═════ EXTRACTED DATA ═════

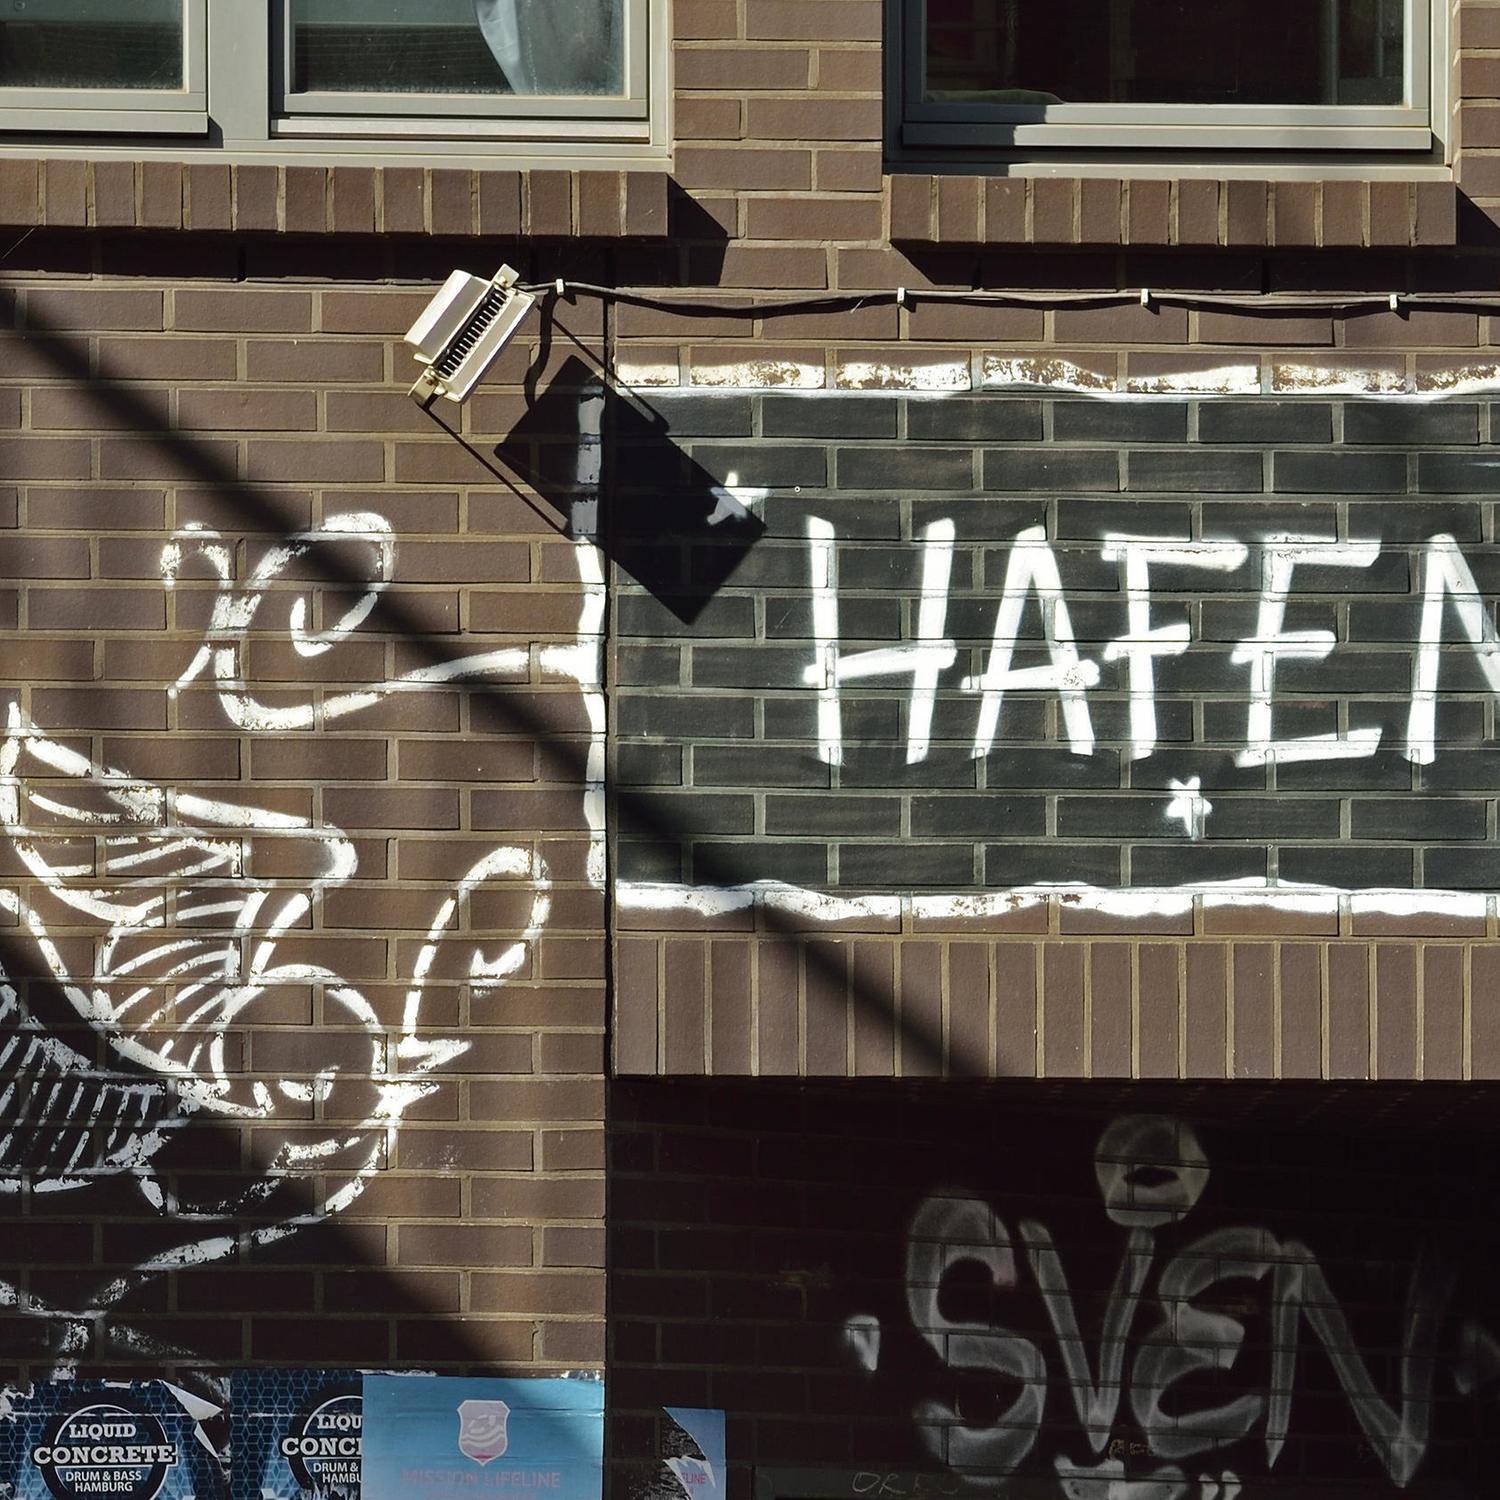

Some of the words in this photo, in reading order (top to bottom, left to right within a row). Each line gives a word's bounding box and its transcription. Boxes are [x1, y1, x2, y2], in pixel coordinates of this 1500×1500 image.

[69, 1423, 137, 1441] LIQUID
[281, 1437, 362, 1456] CONC
[34, 1445, 174, 1465] CONCRETE
[313, 1462, 347, 1473] DRUM
[350, 1462, 358, 1473] &
[66, 1471, 100, 1482] DRUM
[102, 1471, 111, 1481] &
[113, 1471, 142, 1481] BASS
[75, 1481, 133, 1493] HAMBURG
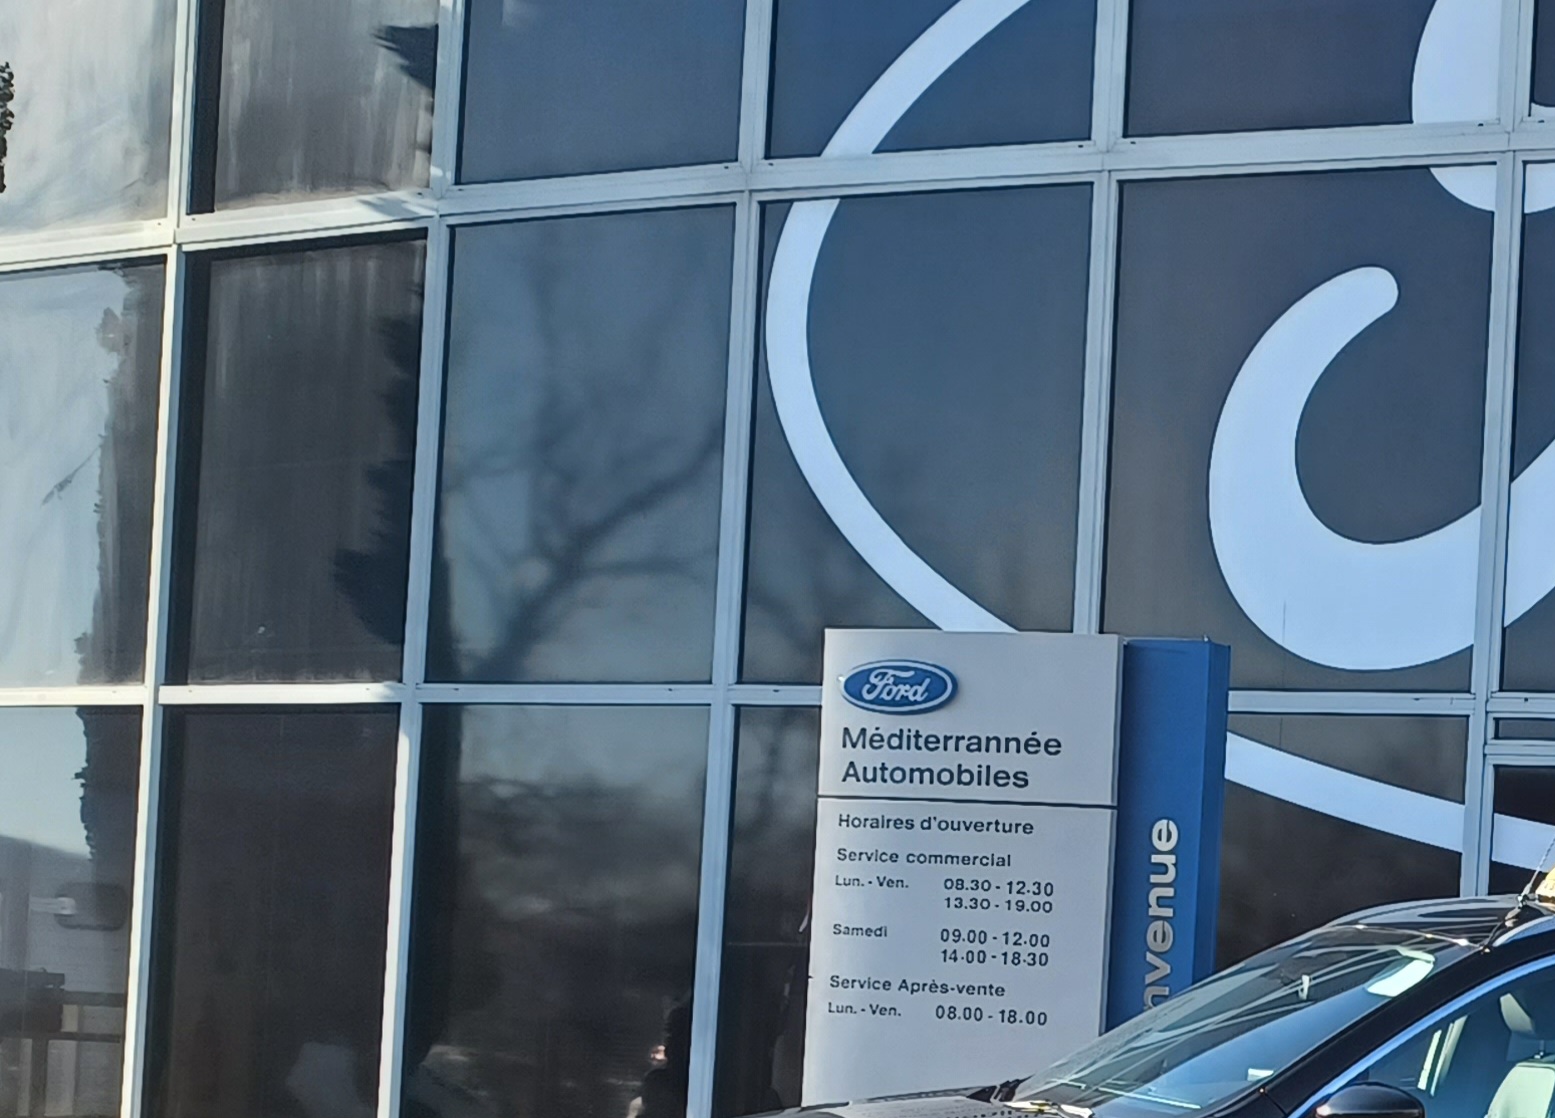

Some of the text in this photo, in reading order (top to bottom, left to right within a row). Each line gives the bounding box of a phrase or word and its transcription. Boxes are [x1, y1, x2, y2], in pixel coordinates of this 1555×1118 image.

[861, 667, 931, 702] Ford
[841, 726, 1062, 757] Méditerrannée
[841, 760, 1030, 789] Automobiles
[838, 814, 1034, 834] Horaires d'ouverture
[837, 848, 1011, 867] Service commercial
[835, 874, 865, 887] Lun.
[876, 875, 909, 888] Ven.
[943, 878, 992, 892] 08.30
[1006, 881, 1054, 897] 12.30
[944, 897, 991, 910] 13.30
[1005, 900, 1053, 914] 19.00
[832, 923, 888, 938] Samedi
[940, 928, 988, 944] 09.00
[1002, 931, 1050, 948] 12.00
[940, 949, 987, 964] 14.00
[1001, 951, 1049, 967] 18.30
[829, 975, 1006, 997] Service Après-vente
[828, 1001, 857, 1014] Lun.
[869, 1003, 902, 1017] Ven.
[935, 1004, 984, 1022] 08.00
[998, 1009, 1048, 1026] 18.00

═════

TASK DESCRIPTION - Your answer should be exactly the lines of the material above, starting at the one that holds "Some of the text" and ending with the last.

FINAL ANSWER -
Some of the text in this photo, in reading order (top to bottom, left to right within a row). Each line gives the bounding box of a phrase or word and its transcription. Boxes are [x1, y1, x2, y2], in pixel coordinates of this 1555×1118 image.

[861, 667, 931, 702] Ford
[841, 726, 1062, 757] Méditerrannée
[841, 760, 1030, 789] Automobiles
[838, 814, 1034, 834] Horaires d'ouverture
[837, 848, 1011, 867] Service commercial
[835, 874, 865, 887] Lun.
[876, 875, 909, 888] Ven.
[943, 878, 992, 892] 08.30
[1006, 881, 1054, 897] 12.30
[944, 897, 991, 910] 13.30
[1005, 900, 1053, 914] 19.00
[832, 923, 888, 938] Samedi
[940, 928, 988, 944] 09.00
[1002, 931, 1050, 948] 12.00
[940, 949, 987, 964] 14.00
[1001, 951, 1049, 967] 18.30
[829, 975, 1006, 997] Service Après-vente
[828, 1001, 857, 1014] Lun.
[869, 1003, 902, 1017] Ven.
[935, 1004, 984, 1022] 08.00
[998, 1009, 1048, 1026] 18.00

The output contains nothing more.